Al principio, pensé que se trataba de algún problema del ordenador. Empecé de nuevo, regresé al menú principal, elegí el tipo de información que deseaba, tecleé el nombre de Okking y esperé.

Máshi. Nada.

Estaba seguro de que era obra de Okking. Había borrado sus huellas como Khan, su muchacho, hacía ahora. Si quería viajar a Europa, al país natal de Okking, me enteraría de algo más sobre él, pero sólo hasta el momento en que salió de allí para venir a la ciudad. A partir de entonces, no existía, oficialmente hablando.
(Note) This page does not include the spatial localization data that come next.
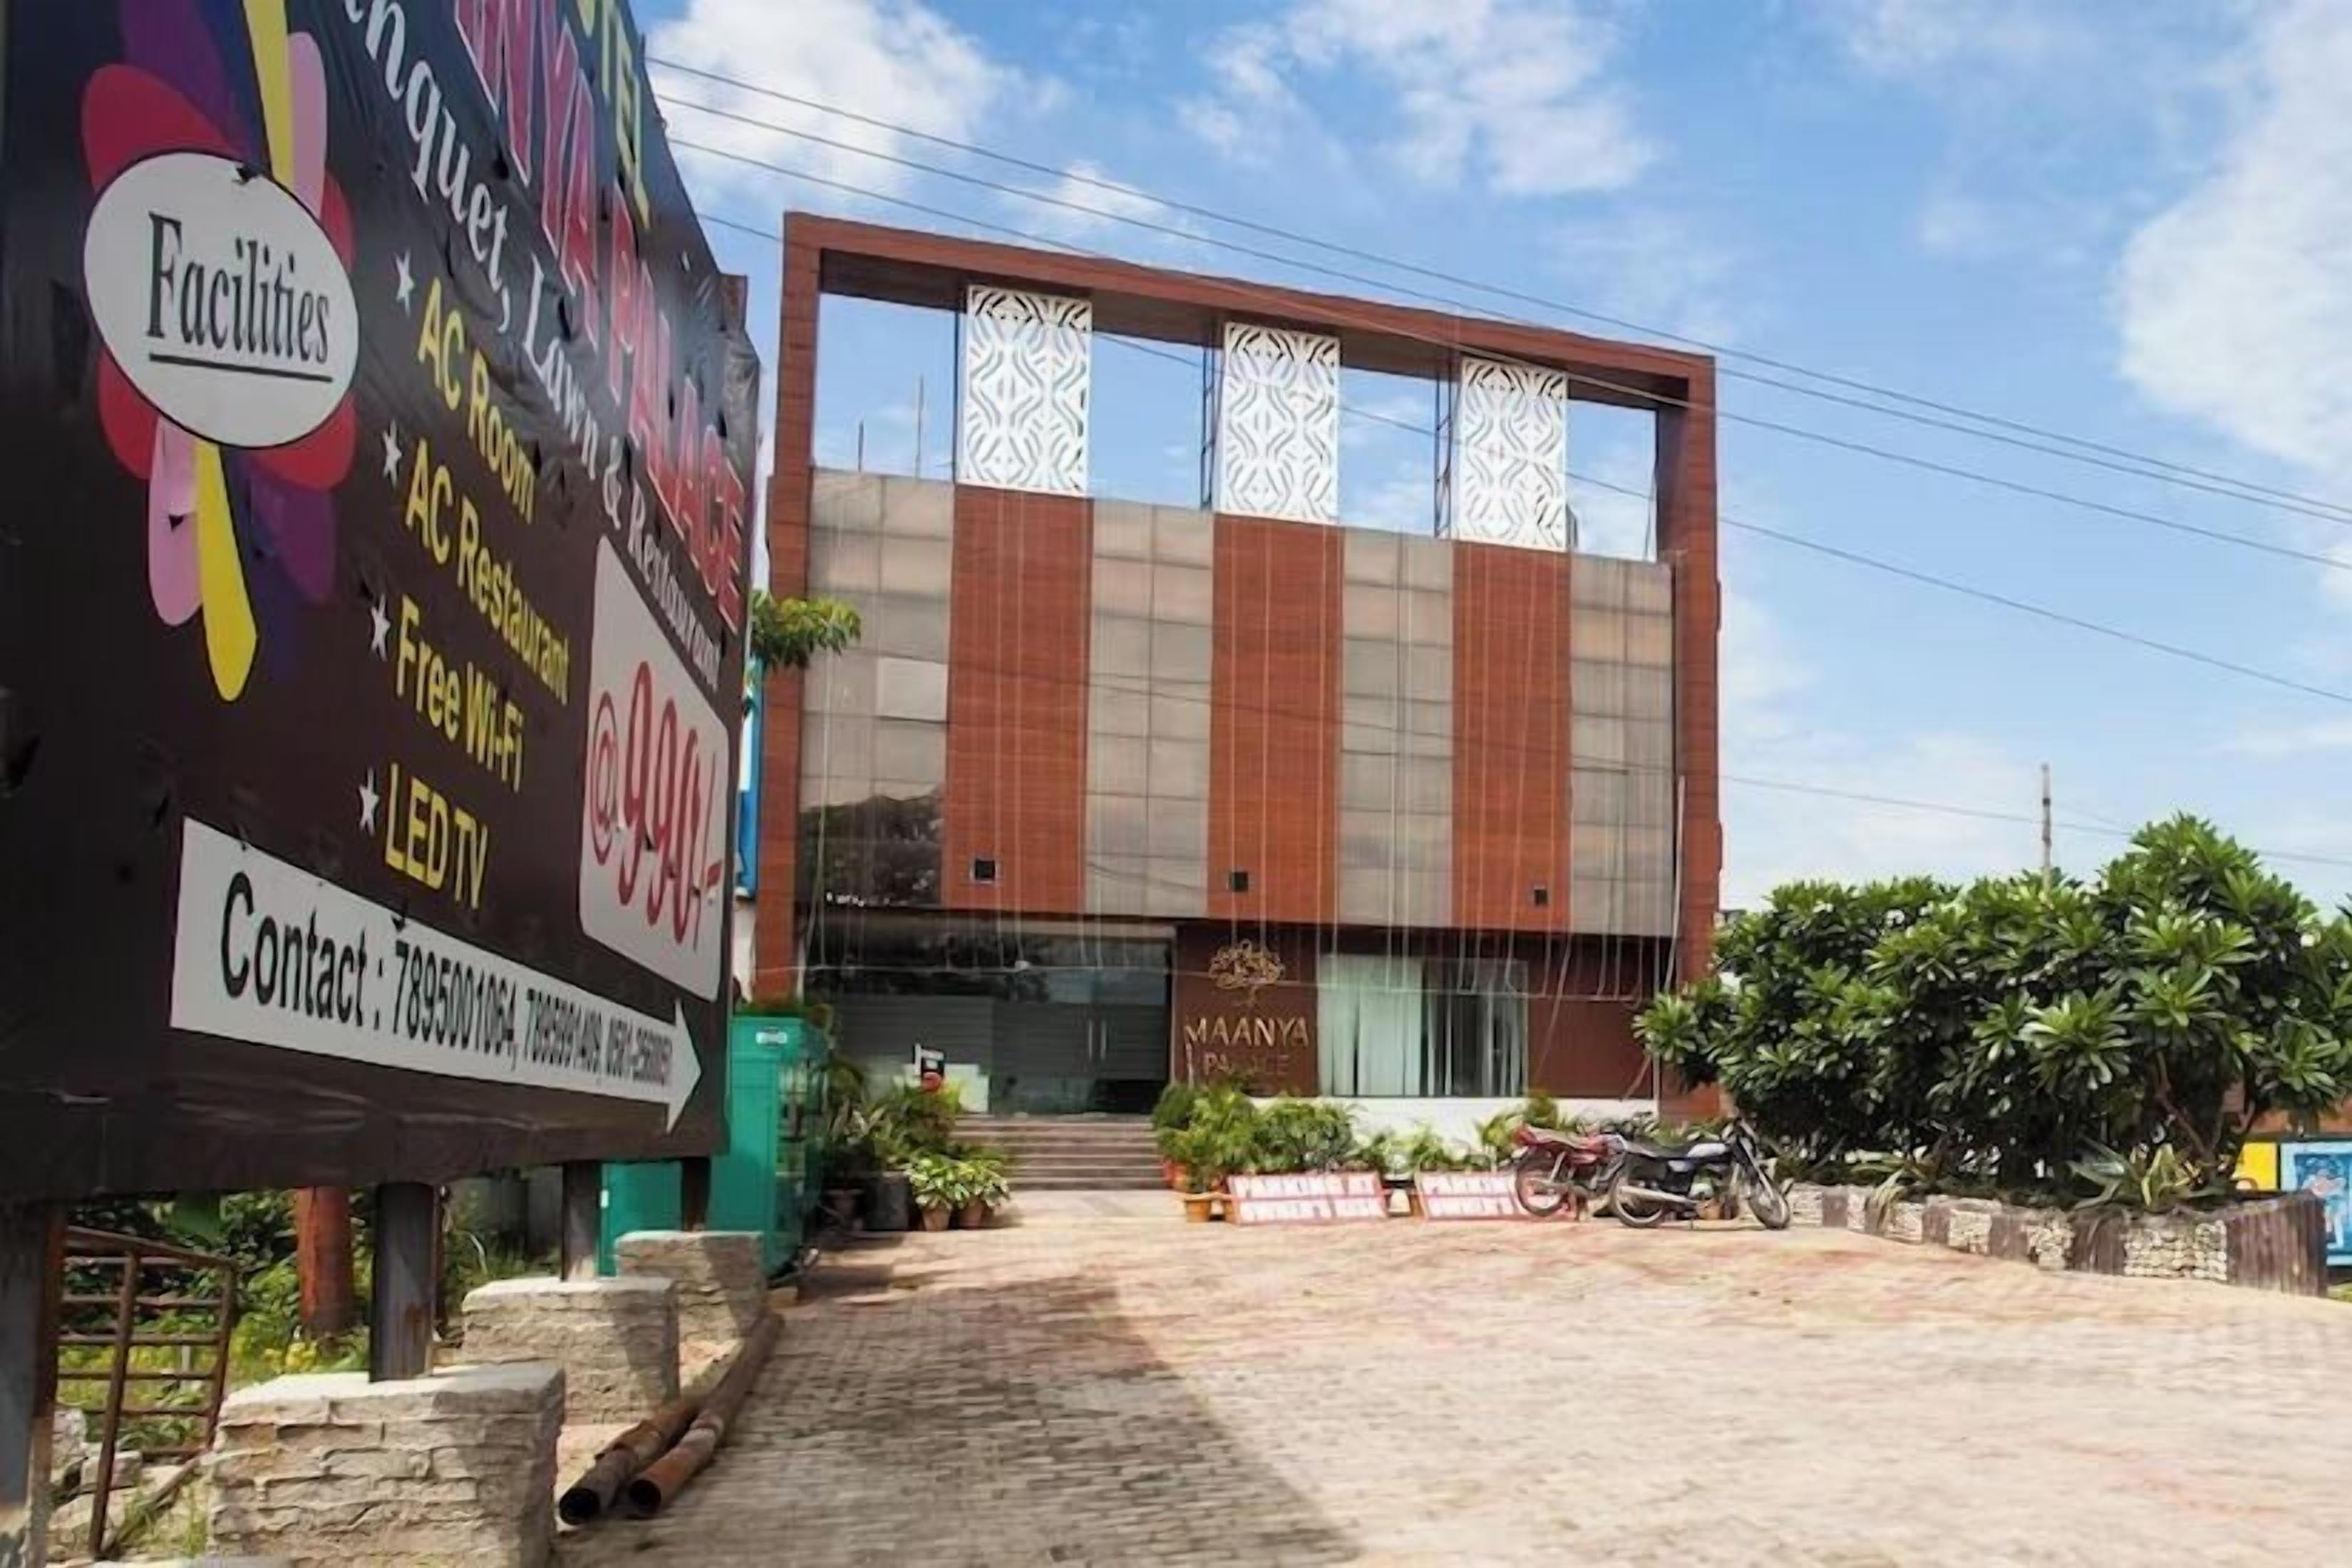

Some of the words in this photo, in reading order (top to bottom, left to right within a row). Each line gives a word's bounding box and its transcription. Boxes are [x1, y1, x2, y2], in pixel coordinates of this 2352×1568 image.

[146, 211, 331, 364] Facilities
[418, 277, 464, 411] AC
[468, 346, 535, 525] Room
[406, 438, 453, 564] AC
[457, 495, 570, 706] Restaurant
[396, 594, 461, 741] Free
[465, 660, 524, 793] Wi-Fi
[385, 763, 449, 891] LED
[454, 807, 488, 911] TV
[220, 869, 367, 1028] Contact
[1183, 1016, 1309, 1047] MAANYA
Tecleé Universal Export, el nombre clave del grupo de espionaje de James Bond. Lo había visto en un sobre encima del escritorio de Okking. No había entradas.
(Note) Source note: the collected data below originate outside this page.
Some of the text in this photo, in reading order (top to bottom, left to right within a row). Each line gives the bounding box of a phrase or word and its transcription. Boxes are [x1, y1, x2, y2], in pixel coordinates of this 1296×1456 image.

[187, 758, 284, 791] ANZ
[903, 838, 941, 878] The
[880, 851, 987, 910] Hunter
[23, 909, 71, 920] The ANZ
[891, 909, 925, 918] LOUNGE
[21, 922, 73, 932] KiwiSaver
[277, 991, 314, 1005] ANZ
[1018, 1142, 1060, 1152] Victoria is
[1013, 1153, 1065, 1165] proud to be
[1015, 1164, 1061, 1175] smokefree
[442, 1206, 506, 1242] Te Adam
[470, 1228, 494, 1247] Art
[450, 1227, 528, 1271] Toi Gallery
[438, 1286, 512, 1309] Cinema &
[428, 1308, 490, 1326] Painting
Lo intenté con James Bond sin esperanza y no conseguí nada, igual que con Xarghis Khan. El verdadero Khan y el «verdadero» Bond nunca habían visitado la ciudad, así que ninguno de los dos tenían su archivo.

Pensé en otras personas a las que pudiera espiar —Yasmin, Friedlander Bey o incluso yo mismo—; pero decidí no satisfacer mi curiosidad hasta una ocasión menos urgente. Entré el nombre de Hajjar y me quedé atónito con lo que leí. Era dos años más joven que yo, jordano, con un arresto moderadamente largo antes de llegar a la ciudad. El perfil psicológico coincidía punto por punto con mi estimación de él. «No te atreviste a confiar en él porque podría correr con un camello a la espalda. » Era sospechoso de pasar drogas y dinero a los prisioneros. En cierta ocasión, fue investigado por la desaparición de una gran cantidad de propiedades confiscadas, pero no se sacó nada en claro. El archivo policial señalaba la posibilidad de que Hajjar se estuviera aprovechando de su posición en la policía y vendiera su influencia a ciudadanos particulares u organizaciones criminales. El informe sugería que no estaba libre de abusos de autoridad como extorsión, fraude organizado y conspiración entre otras transgresiones de la ley.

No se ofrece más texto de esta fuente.